RMA Decisions on Resource Consent Applications

Under s104 of the RMA councils must take into account the effects of climate change. Decisions on proposed subdivision and land developments need to give due regard to climate change effects where those effects are likely to exacerbate natural hazards.

Those preparing or assessing resource consent applications, particularly for proposals in areas susceptible to natural hazards, should consider whether the expected effects of climate change are a potentially significant issue to address for design and location, and what consequent mitigation measures might be required. Most plans specify information that must be provided with applications for subdivision or development in locations that are likely to be affected by hazards.
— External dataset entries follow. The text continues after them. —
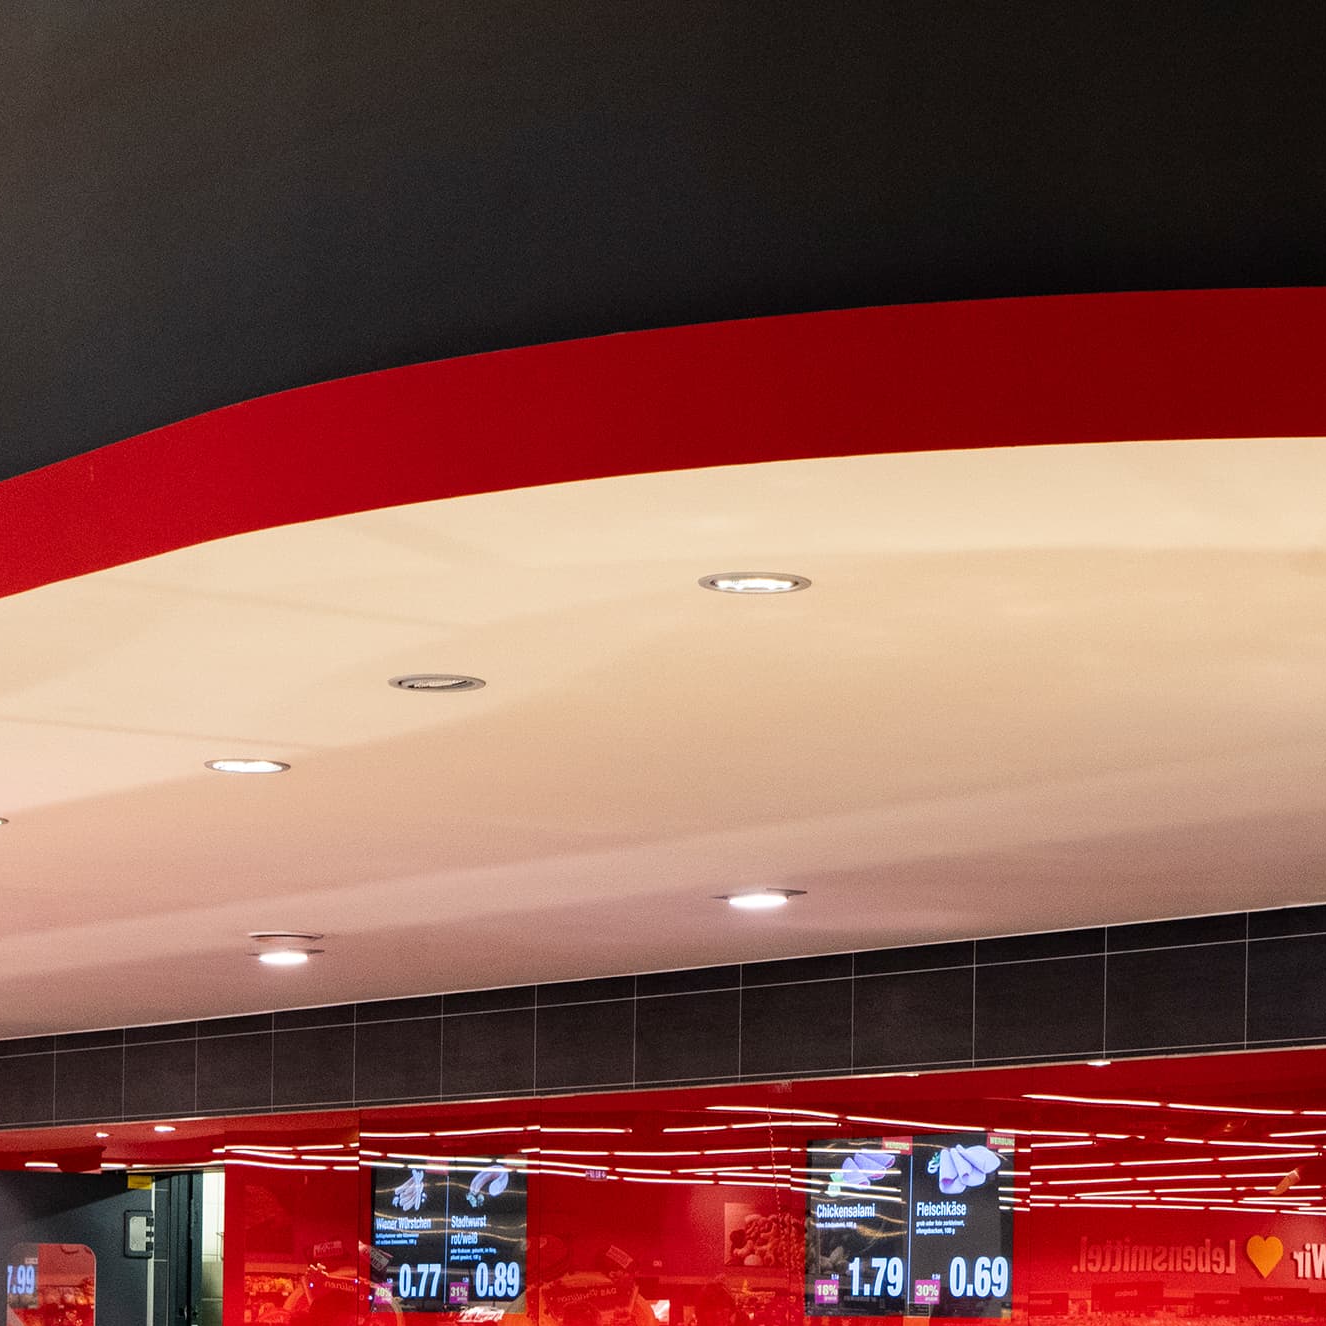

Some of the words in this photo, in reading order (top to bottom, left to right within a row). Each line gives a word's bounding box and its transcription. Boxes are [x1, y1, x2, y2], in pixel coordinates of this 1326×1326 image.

[816, 1203, 875, 1218] Chickensalami
[916, 1201, 967, 1216] Fleischkäse
[451, 1215, 487, 1228] Stadtwurst
[399, 1263, 442, 1298] 0.77
[476, 1262, 520, 1297] 0.89
[849, 1256, 903, 1297] 1.79
[949, 1256, 1009, 1297] 0.69
[450, 1286, 468, 1297] 31%
[916, 1285, 939, 1297] 30%
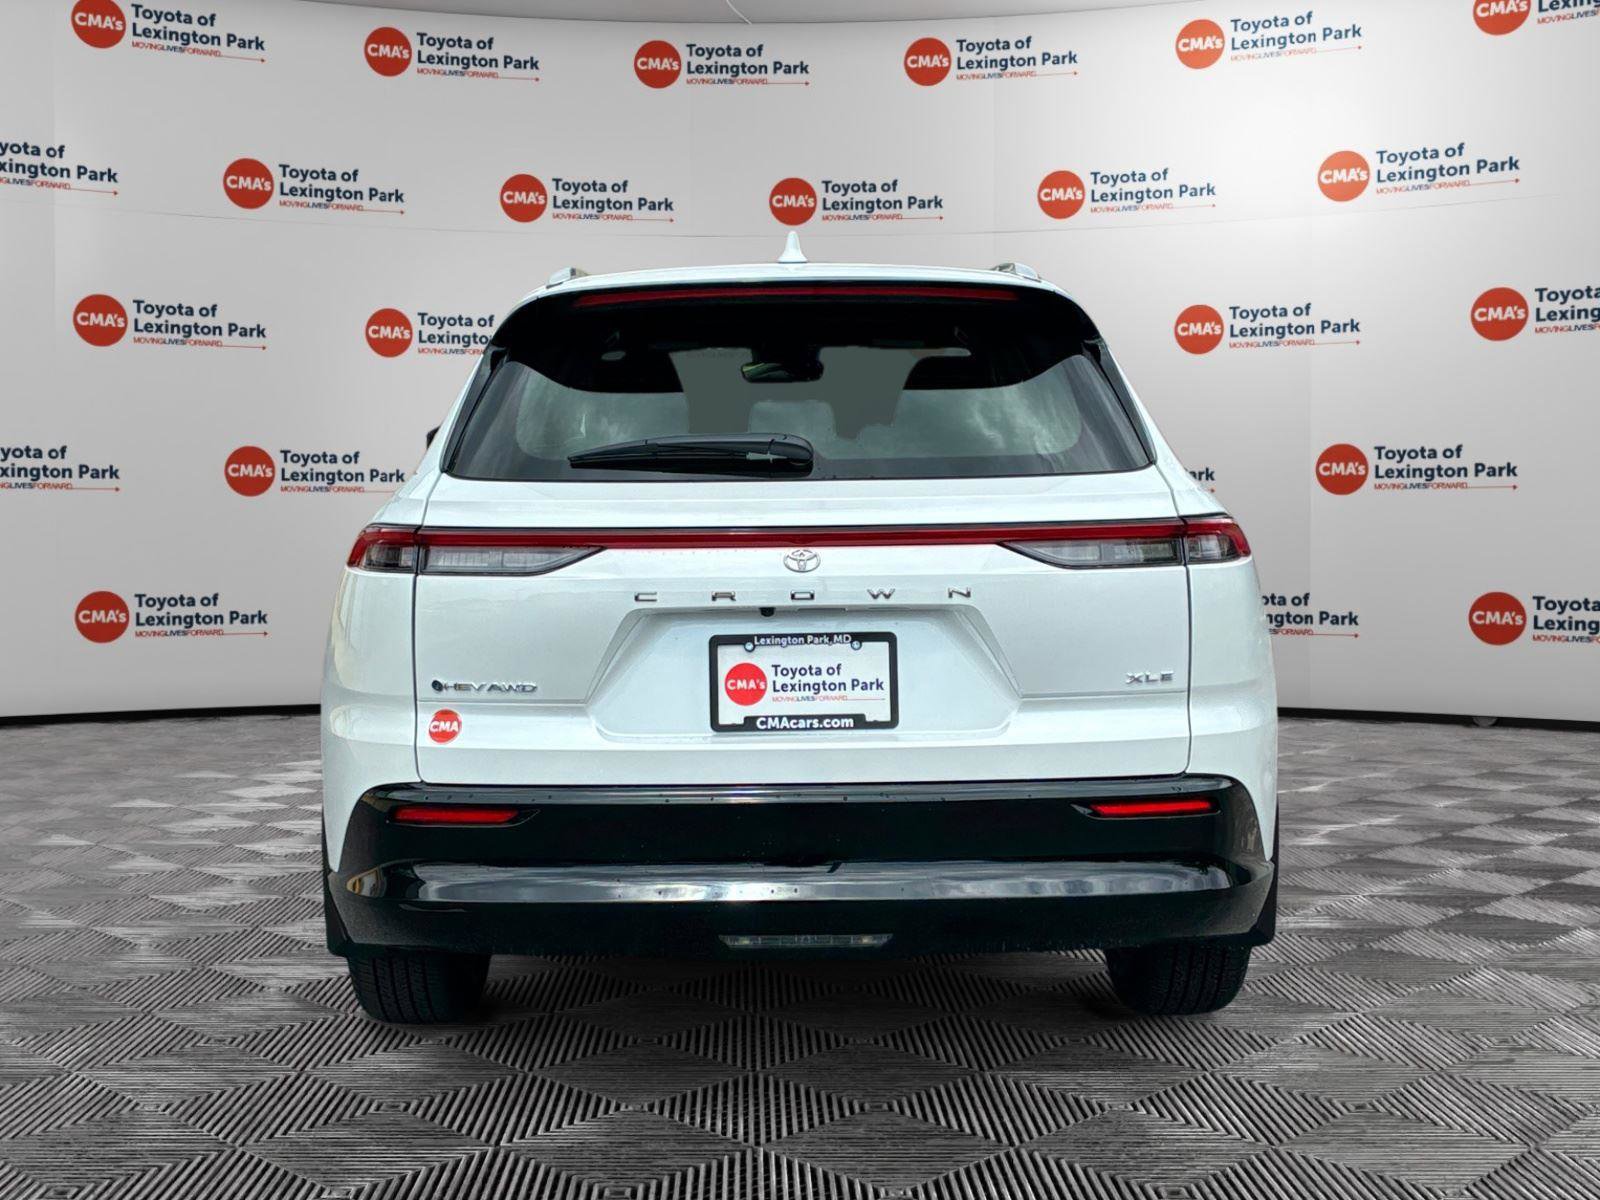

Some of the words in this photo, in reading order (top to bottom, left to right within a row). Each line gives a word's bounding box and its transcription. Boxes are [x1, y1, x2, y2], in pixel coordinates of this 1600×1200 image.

  • As a guide, the development of assets and land-uses with a life-span of more than 30-years may have particular vulnerability to being affected by climate change impacts, given the long-term nature of the issue. Decisions relating to these activities will require particular care.
  • Where plans have not incorporated the effects of climate change, it may be appropriate to explicitly assess the effects of climate change through the resource consent process in terms of:
    • Subdivision and developments in floodplain areas, close to rivers, or within or over river channels; close to or within the coastal foreshore (cliffs, beaches or low-lying areas); on or close to steeper hillsides (including at the top and bottom of the hill);
    • Lifeline infrastructure components in the above locations;
    • Subdivision and developments that rely on rain water or ground water for supply;
    • Earthworks in hazard prone areas (coastal dunes, erosion-prone hill country, and floodplains); and
    • High density or essential community uses in identified hazard areas (for example, schools, and hospitals).
  • Determine whether the plan under which consent is being sought has explicitly incorporated the effects of climate change into the setting of hazard management areas and/or associated development standards. For applicants, this may mean making enquiries with the local authority concerned, as, even with recent plans, it may not be obvious whether the plan is based on current data and scientific assumptions.
  • Where the effects of climate change may be a significant issue, it is good practice to demonstrate how a proposal takes the effects of climate change into account as an integral part of the hazard assessment, along with measures incorporated to avoid or mitigate such effects. For example, in locations where flooding and coastal erosion are likely in future, information may be needed on risk levels, building setbacks and siting, floor levels, and contingency response plans. Information to support applications may include existing ground levels and 50 and 100-year flood levels or erosion levels from district/regional councils.
  • Provide information and resources to people within the community about the effects of climate change, and the types of responses that communities can take.
  • In terms of climate change impacts on the coast, the increasing values of coastal property strengthen the need to have this matter addressed quickly and effectively.